Read this wisdom-filled guide before you begin prepping

So you finally decided it’s high time to prepare for a potential crisis or a natural disaster. Whatever your reasoning for taking up prepping, an article in Survivopedia has some strong suggestions about your starting position and priorities.

The first and more important thing is to learn the basics of survival. Determine your main priorities, decide between bugging out or bugging in, find out the right food to stockpile, calculate the amount of water you will need to stay alive, and so on.

Think of all the possible disasters that are most likely to hit your location. Determine how badly each event will change your life. This will let you prioritize a crisis, although you should also prepare for other threats. (Related: How to prevent bug bites in the wild.)

Grow your stockpile

Now it is time to start building your stockpile. Get the essentials first: Food, water, and a means of keeping cool or warm, depending on the climate.

The trick is to stockpile a small amount of each essential item at the same time. It won’t do if you have a lot of food but no water, and vice versa.

Build up enough essential supplies for one week. Then you can move to other necessities, such as medical supplies and weapons.

Once you have enough to last a week, expand it to a month’s worth of supplies. Again, alternate between basic and supplemental material.

Repeat this until you think you have enough to last you for the crisis. Most preppers aim for a minimum of six months to a year.

Make sure the supplies will last a long time. The food must be preserved, the water must be stored, and so on.

Get the right tools

Supplies are good, but the right equipment is better as it will be able to provide your needs better than the best stockpile.

A good example involves water. A single person needs a gallon every day. And that is just drinking water. It doesn’t cover the water you will use for laundry, gardening, and the like.

You cannot stockpile enough water to cover your needs for a year. But you can get equipment that can collect and clean water. Water distillers and purifiers will allow you to replenish your stockpile over the long term.

Likewise, your stockpile of canned food will one day run out. You will need to make more food, which calls for a way to grow fresh food, such as a survival garden or a backyard poultry farm. Then you will need to preserve that food by canning or drying it.

Learn survival skills

The only thing better than equipment is the skill to create those tools. Learn how to make your own survival gear, preferably by improvising with what materials you have at hand but also by building up a workshop to make simple but proper tools.

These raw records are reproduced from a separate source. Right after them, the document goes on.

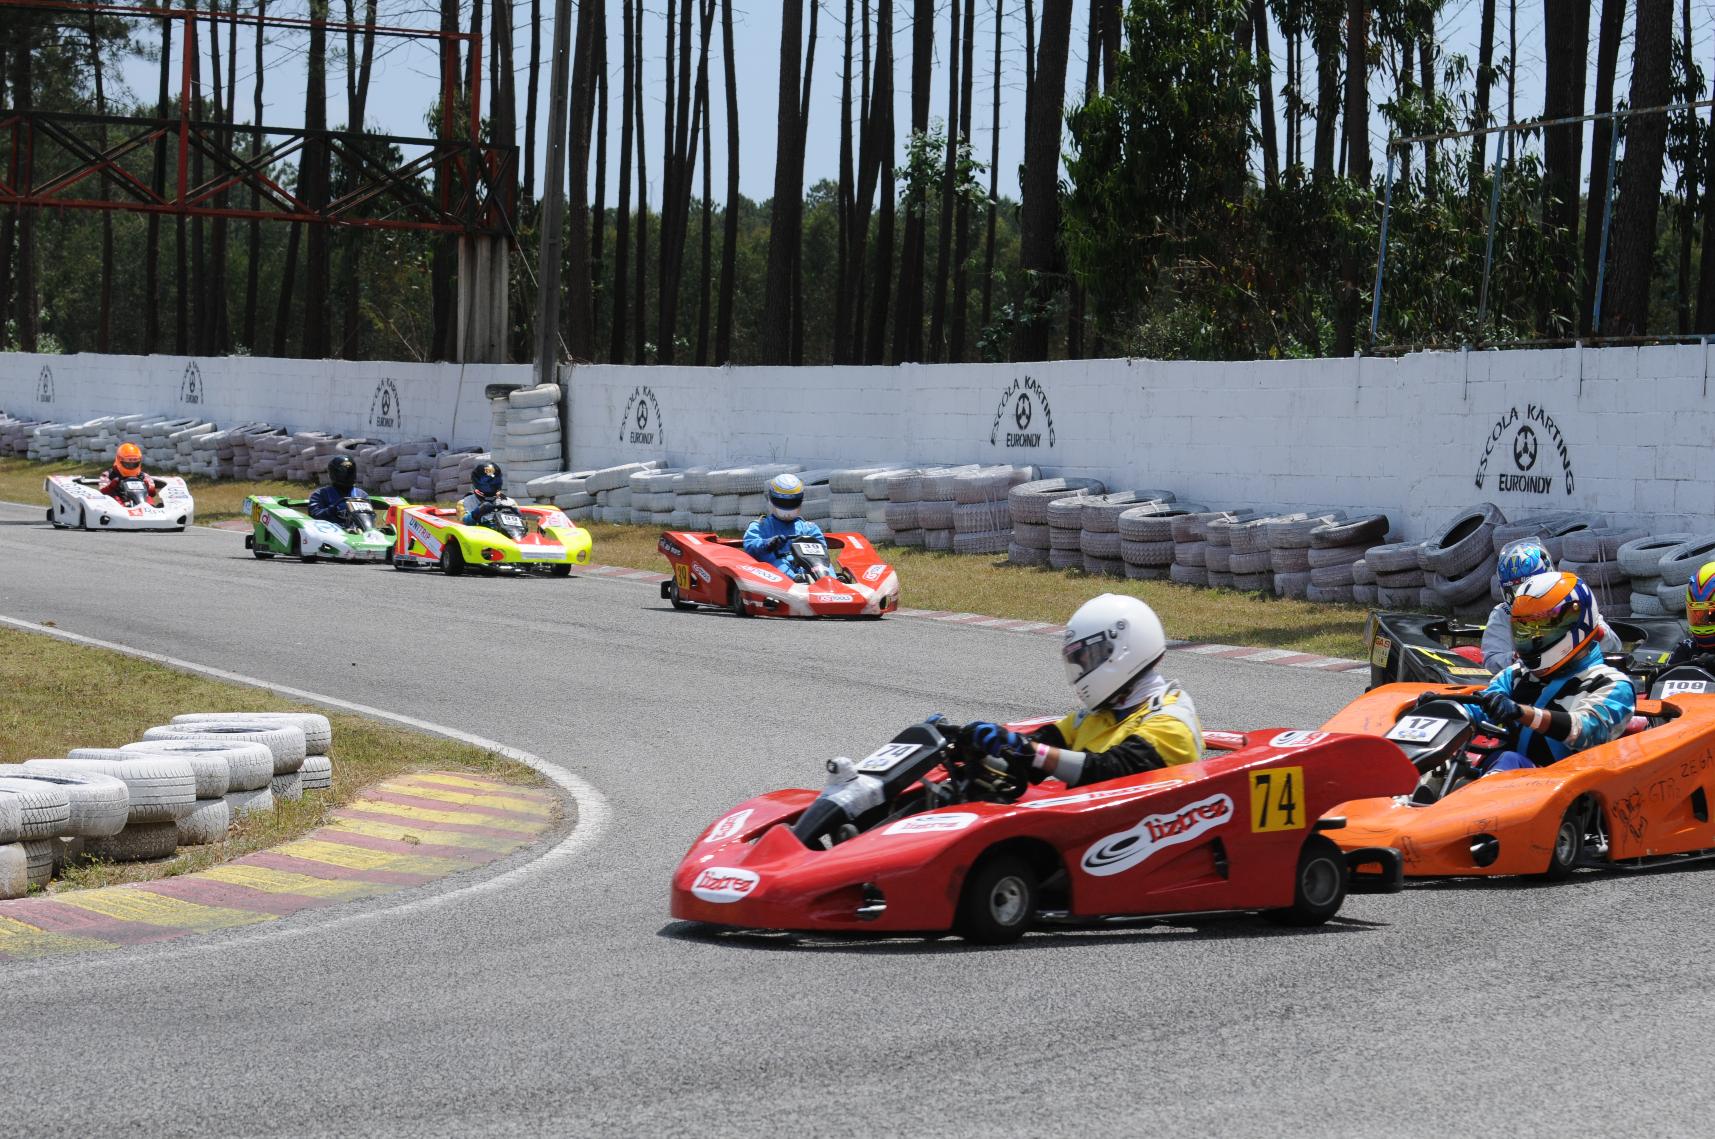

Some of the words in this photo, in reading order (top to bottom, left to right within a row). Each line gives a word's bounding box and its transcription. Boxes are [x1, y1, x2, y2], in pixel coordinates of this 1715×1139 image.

[991, 378, 1020, 446] ESCOLA
[1024, 375, 1056, 449] KARTING
[630, 431, 654, 445] EUROINDY
[1006, 432, 1041, 448] EUROINDY
[1475, 407, 1519, 490] ESCOLA
[1527, 403, 1575, 496] KARTING
[1498, 473, 1552, 495] EUROINDY
[677, 565, 687, 587] 39
[1666, 681, 1704, 690] 109
[1409, 718, 1438, 730] 17
[877, 745, 914, 758] 74
[1254, 772, 1296, 828] 74
[1143, 798, 1229, 844] liztrez
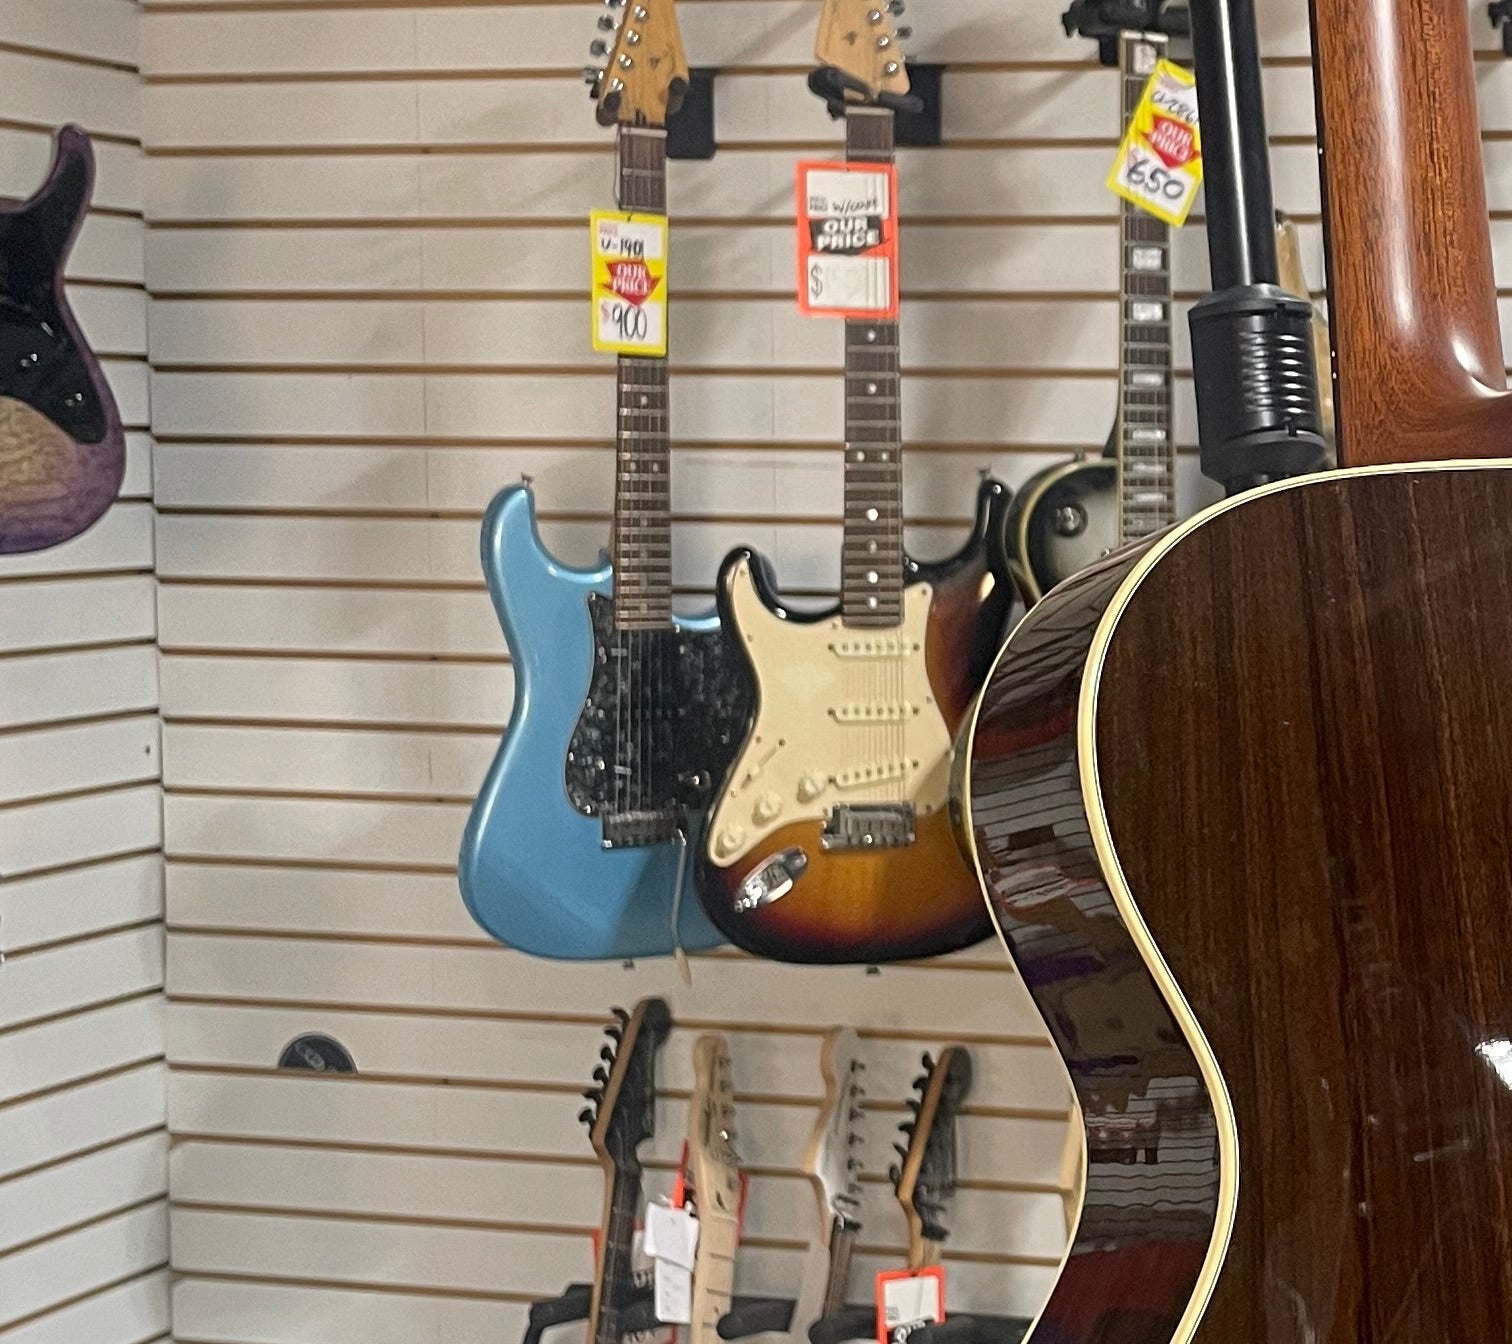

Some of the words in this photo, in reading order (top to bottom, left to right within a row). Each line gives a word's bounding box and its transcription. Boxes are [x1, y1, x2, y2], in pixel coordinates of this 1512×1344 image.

[823, 215, 869, 234] OUR
[816, 230, 880, 252] PRICE
[616, 263, 647, 278] OUR
[613, 277, 648, 296] PRICE
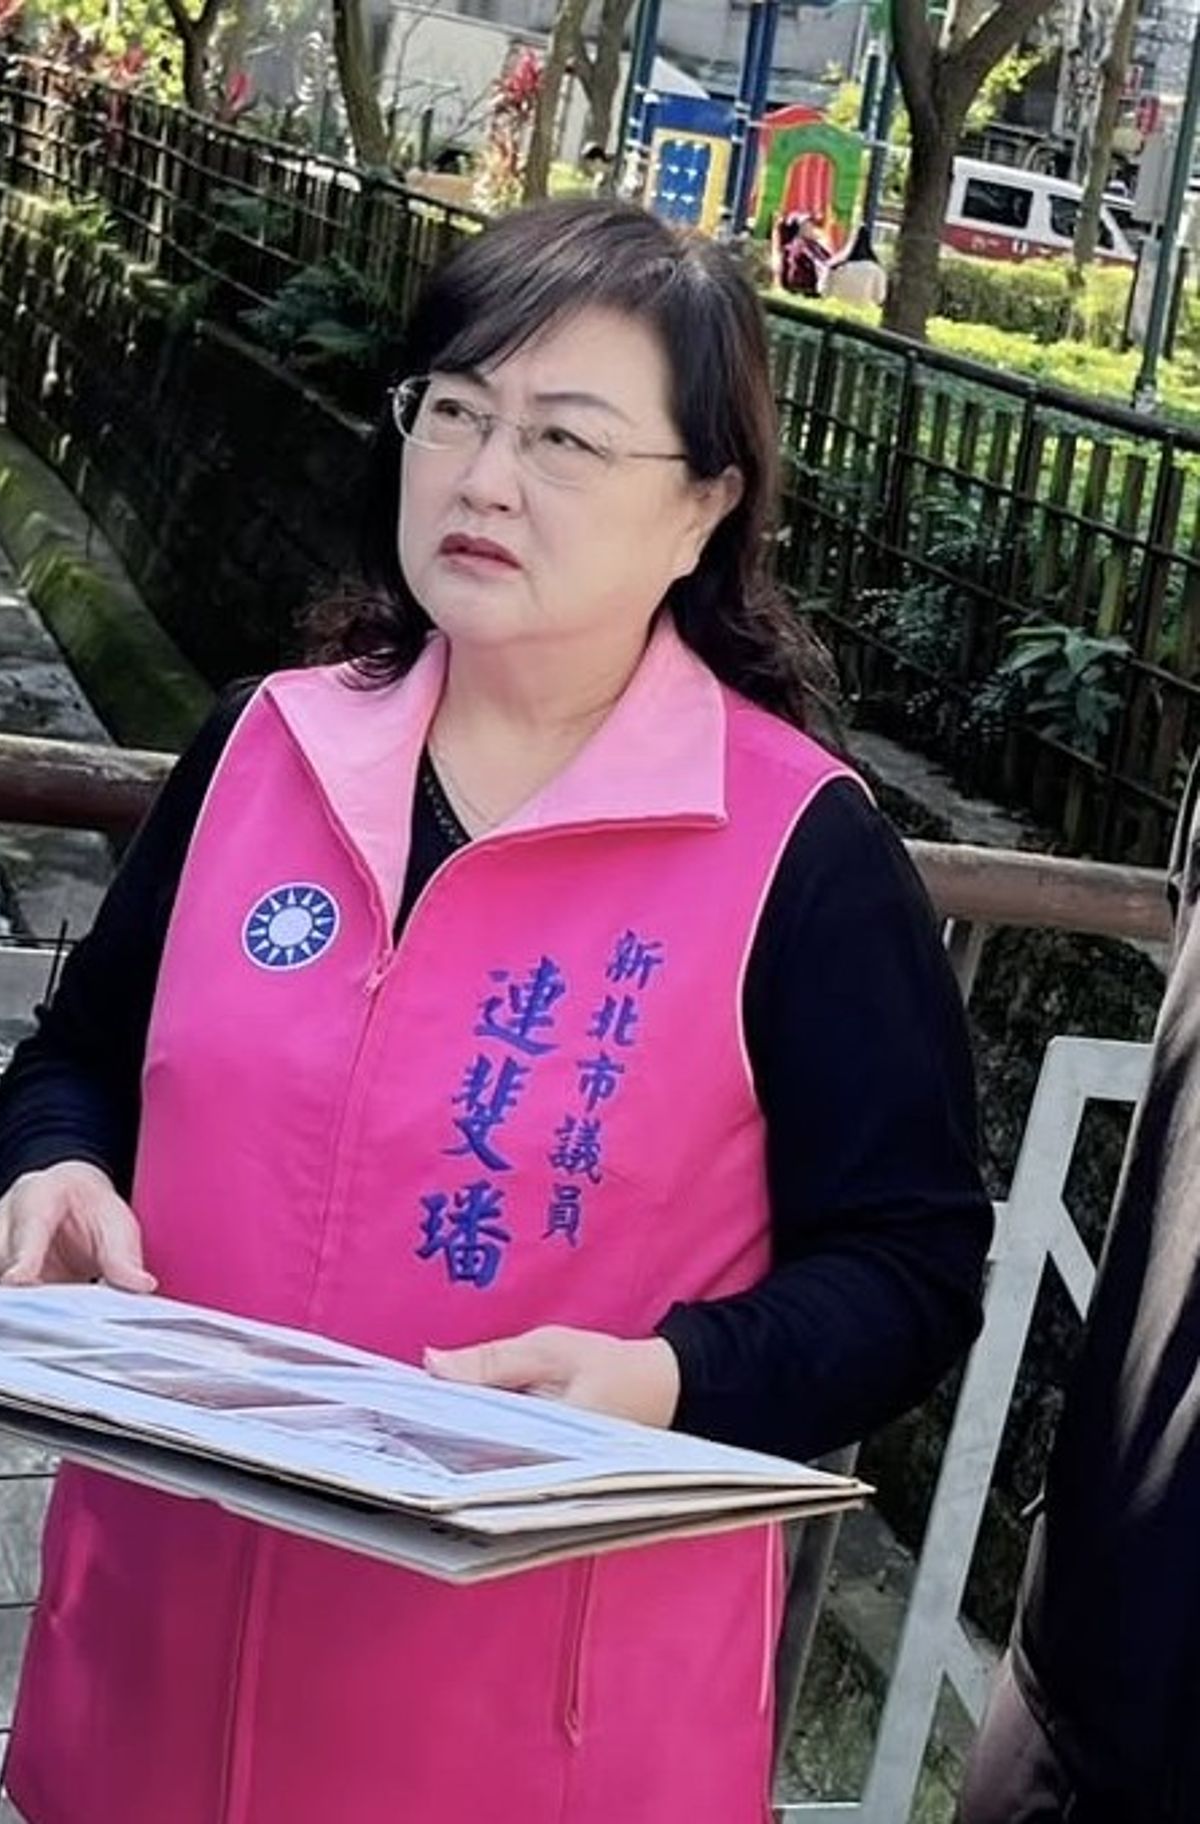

There is a slim but existent chance that a disaster will completely destroy your shelter, your supplies, and your equipment. Or you might get swept into a survival situation when you are away from your gear.

If that happens, you must have the survival skills and knowledge to keep yourself alive until you can make it back. Carrying a bug-out bag or survival kit with you at all times will help, but if you do not know what to do in an emergency, you are doomed.

Last but not least, avoid getting sidetracked by the desire for comfort. Focus on what will keep you alive when SHTF instead of what will make your life more comfortable.